[Text-to-region grounding data]
* * *
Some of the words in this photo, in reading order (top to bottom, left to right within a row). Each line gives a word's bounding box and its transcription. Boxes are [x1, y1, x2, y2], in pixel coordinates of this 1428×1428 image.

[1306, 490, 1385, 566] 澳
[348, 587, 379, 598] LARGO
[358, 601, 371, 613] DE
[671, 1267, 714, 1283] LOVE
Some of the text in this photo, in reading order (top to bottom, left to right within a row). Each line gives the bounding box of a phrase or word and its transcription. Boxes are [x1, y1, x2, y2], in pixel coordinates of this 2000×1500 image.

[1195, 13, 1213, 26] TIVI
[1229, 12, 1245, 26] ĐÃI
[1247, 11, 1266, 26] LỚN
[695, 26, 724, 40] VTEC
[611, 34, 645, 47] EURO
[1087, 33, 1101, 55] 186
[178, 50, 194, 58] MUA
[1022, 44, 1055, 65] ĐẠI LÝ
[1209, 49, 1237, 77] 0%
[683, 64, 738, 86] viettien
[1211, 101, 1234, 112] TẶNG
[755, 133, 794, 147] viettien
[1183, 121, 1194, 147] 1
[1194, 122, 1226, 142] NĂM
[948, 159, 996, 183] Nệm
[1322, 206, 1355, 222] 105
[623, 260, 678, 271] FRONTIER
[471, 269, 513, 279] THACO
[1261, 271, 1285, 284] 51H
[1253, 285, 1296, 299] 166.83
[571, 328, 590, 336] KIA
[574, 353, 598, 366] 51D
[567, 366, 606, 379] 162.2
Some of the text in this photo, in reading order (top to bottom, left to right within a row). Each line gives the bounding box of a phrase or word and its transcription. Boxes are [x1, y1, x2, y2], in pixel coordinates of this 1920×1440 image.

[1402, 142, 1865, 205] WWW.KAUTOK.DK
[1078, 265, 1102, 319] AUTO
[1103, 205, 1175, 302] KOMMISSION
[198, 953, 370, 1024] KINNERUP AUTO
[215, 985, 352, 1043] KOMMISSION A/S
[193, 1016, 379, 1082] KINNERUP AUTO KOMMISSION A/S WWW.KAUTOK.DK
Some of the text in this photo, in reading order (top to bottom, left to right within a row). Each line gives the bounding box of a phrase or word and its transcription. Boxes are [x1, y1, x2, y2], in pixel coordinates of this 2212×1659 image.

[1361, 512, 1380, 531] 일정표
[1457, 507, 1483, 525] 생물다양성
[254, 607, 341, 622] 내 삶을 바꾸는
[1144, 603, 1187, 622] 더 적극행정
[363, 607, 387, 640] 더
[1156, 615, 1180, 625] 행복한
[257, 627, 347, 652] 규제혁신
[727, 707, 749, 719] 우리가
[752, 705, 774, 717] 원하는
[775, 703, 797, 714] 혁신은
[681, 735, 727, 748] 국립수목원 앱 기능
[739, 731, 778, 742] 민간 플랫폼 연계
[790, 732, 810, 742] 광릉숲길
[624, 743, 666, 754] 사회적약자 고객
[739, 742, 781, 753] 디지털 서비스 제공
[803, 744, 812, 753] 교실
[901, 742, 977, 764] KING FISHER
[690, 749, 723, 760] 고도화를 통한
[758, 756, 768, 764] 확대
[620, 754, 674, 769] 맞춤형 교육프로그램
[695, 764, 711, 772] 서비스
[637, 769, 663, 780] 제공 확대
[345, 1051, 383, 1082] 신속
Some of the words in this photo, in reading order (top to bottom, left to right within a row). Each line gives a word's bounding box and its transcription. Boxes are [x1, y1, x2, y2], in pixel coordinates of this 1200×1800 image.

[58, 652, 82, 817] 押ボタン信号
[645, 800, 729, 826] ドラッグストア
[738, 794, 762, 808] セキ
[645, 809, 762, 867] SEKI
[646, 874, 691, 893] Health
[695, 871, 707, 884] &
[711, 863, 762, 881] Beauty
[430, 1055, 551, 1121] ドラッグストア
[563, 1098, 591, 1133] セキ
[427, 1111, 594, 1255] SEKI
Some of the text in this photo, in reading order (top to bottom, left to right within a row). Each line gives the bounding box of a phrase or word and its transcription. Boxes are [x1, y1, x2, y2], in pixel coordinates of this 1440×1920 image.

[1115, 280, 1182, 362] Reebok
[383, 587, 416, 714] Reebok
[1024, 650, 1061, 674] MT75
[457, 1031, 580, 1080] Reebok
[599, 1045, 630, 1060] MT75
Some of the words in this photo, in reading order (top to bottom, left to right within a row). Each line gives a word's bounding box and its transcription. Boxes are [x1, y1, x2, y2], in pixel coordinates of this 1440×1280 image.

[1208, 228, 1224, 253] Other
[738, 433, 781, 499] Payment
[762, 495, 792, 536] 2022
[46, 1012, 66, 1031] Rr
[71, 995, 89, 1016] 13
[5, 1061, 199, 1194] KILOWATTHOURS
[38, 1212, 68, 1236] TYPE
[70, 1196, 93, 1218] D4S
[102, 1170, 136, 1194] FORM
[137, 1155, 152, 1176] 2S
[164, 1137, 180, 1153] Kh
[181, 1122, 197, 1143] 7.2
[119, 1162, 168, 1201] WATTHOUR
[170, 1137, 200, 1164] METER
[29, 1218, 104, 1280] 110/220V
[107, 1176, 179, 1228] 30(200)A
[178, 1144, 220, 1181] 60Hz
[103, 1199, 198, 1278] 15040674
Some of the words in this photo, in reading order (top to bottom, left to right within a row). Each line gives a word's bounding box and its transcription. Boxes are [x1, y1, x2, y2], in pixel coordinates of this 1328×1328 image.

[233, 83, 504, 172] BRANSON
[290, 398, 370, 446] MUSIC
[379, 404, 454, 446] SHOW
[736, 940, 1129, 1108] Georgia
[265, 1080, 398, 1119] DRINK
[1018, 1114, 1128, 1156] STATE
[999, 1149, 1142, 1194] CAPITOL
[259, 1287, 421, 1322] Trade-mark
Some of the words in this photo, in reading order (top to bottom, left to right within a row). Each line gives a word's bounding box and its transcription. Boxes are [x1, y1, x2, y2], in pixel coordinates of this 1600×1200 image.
* * *
Your goal:
Return what is listed above, exactly and completely.

Exercise solution:
Some of the words in this photo, in reading order (top to bottom, left to right within a row). Each line gives a word's bounding box and its transcription. Boxes are [x1, y1, x2, y2], in pixel coordinates of this 1428×1428 image.

[1306, 490, 1385, 566] 澳
[348, 587, 379, 598] LARGO
[358, 601, 371, 613] DE
[671, 1267, 714, 1283] LOVE
Some of the text in this photo, in reading order (top to bottom, left to right within a row). Each line gives the bounding box of a phrase or word and its transcription. Boxes are [x1, y1, x2, y2], in pixel coordinates of this 2000×1500 image.

[1195, 13, 1213, 26] TIVI
[1229, 12, 1245, 26] ĐÃI
[1247, 11, 1266, 26] LỚN
[695, 26, 724, 40] VTEC
[611, 34, 645, 47] EURO
[1087, 33, 1101, 55] 186
[178, 50, 194, 58] MUA
[1022, 44, 1055, 65] ĐẠI LÝ
[1209, 49, 1237, 77] 0%
[683, 64, 738, 86] viettien
[1211, 101, 1234, 112] TẶNG
[755, 133, 794, 147] viettien
[1183, 121, 1194, 147] 1
[1194, 122, 1226, 142] NĂM
[948, 159, 996, 183] Nệm
[1322, 206, 1355, 222] 105
[623, 260, 678, 271] FRONTIER
[471, 269, 513, 279] THACO
[1261, 271, 1285, 284] 51H
[1253, 285, 1296, 299] 166.83
[571, 328, 590, 336] KIA
[574, 353, 598, 366] 51D
[567, 366, 606, 379] 162.2
Some of the text in this photo, in reading order (top to bottom, left to right within a row). Each line gives the bounding box of a phrase or word and its transcription. Boxes are [x1, y1, x2, y2], in pixel coordinates of this 1920×1440 image.

[1402, 142, 1865, 205] WWW.KAUTOK.DK
[1078, 265, 1102, 319] AUTO
[1103, 205, 1175, 302] KOMMISSION
[198, 953, 370, 1024] KINNERUP AUTO
[215, 985, 352, 1043] KOMMISSION A/S
[193, 1016, 379, 1082] KINNERUP AUTO KOMMISSION A/S WWW.KAUTOK.DK
Some of the text in this photo, in reading order (top to bottom, left to right within a row). Each line gives the bounding box of a phrase or word and its transcription. Boxes are [x1, y1, x2, y2], in pixel coordinates of this 2212×1659 image.

[1361, 512, 1380, 531] 일정표
[1457, 507, 1483, 525] 생물다양성
[254, 607, 341, 622] 내 삶을 바꾸는
[1144, 603, 1187, 622] 더 적극행정
[363, 607, 387, 640] 더
[1156, 615, 1180, 625] 행복한
[257, 627, 347, 652] 규제혁신
[727, 707, 749, 719] 우리가
[752, 705, 774, 717] 원하는
[775, 703, 797, 714] 혁신은
[681, 735, 727, 748] 국립수목원 앱 기능
[739, 731, 778, 742] 민간 플랫폼 연계
[790, 732, 810, 742] 광릉숲길
[624, 743, 666, 754] 사회적약자 고객
[739, 742, 781, 753] 디지털 서비스 제공
[803, 744, 812, 753] 교실
[901, 742, 977, 764] KING FISHER
[690, 749, 723, 760] 고도화를 통한
[758, 756, 768, 764] 확대
[620, 754, 674, 769] 맞춤형 교육프로그램
[695, 764, 711, 772] 서비스
[637, 769, 663, 780] 제공 확대
[345, 1051, 383, 1082] 신속
Some of the words in this photo, in reading order (top to bottom, left to right within a row). Each line gives a word's bounding box and its transcription. Boxes are [x1, y1, x2, y2], in pixel coordinates of this 1200×1800 image.

[58, 652, 82, 817] 押ボタン信号
[645, 800, 729, 826] ドラッグストア
[738, 794, 762, 808] セキ
[645, 809, 762, 867] SEKI
[646, 874, 691, 893] Health
[695, 871, 707, 884] &
[711, 863, 762, 881] Beauty
[430, 1055, 551, 1121] ドラッグストア
[563, 1098, 591, 1133] セキ
[427, 1111, 594, 1255] SEKI
Some of the text in this photo, in reading order (top to bottom, left to right within a row). Each line gives the bounding box of a phrase or word and its transcription. Boxes are [x1, y1, x2, y2], in pixel coordinates of this 1440×1920 image.

[1115, 280, 1182, 362] Reebok
[383, 587, 416, 714] Reebok
[1024, 650, 1061, 674] MT75
[457, 1031, 580, 1080] Reebok
[599, 1045, 630, 1060] MT75
Some of the words in this photo, in reading order (top to bottom, left to right within a row). Each line gives a word's bounding box and its transcription. Boxes are [x1, y1, x2, y2], in pixel coordinates of this 1440×1280 image.

[1208, 228, 1224, 253] Other
[738, 433, 781, 499] Payment
[762, 495, 792, 536] 2022
[46, 1012, 66, 1031] Rr
[71, 995, 89, 1016] 13
[5, 1061, 199, 1194] KILOWATTHOURS
[38, 1212, 68, 1236] TYPE
[70, 1196, 93, 1218] D4S
[102, 1170, 136, 1194] FORM
[137, 1155, 152, 1176] 2S
[164, 1137, 180, 1153] Kh
[181, 1122, 197, 1143] 7.2
[119, 1162, 168, 1201] WATTHOUR
[170, 1137, 200, 1164] METER
[29, 1218, 104, 1280] 110/220V
[107, 1176, 179, 1228] 30(200)A
[178, 1144, 220, 1181] 60Hz
[103, 1199, 198, 1278] 15040674
Some of the words in this photo, in reading order (top to bottom, left to right within a row). Each line gives a word's bounding box and its transcription. Boxes are [x1, y1, x2, y2], in pixel coordinates of this 1328×1328 image.

[233, 83, 504, 172] BRANSON
[290, 398, 370, 446] MUSIC
[379, 404, 454, 446] SHOW
[736, 940, 1129, 1108] Georgia
[265, 1080, 398, 1119] DRINK
[1018, 1114, 1128, 1156] STATE
[999, 1149, 1142, 1194] CAPITOL
[259, 1287, 421, 1322] Trade-mark
Some of the words in this photo, in reading order (top to bottom, left to right within a row). Each line gives a word's bounding box and its transcription. Boxes are [x1, y1, x2, y2], in pixel coordinates of this 1600×1200 image.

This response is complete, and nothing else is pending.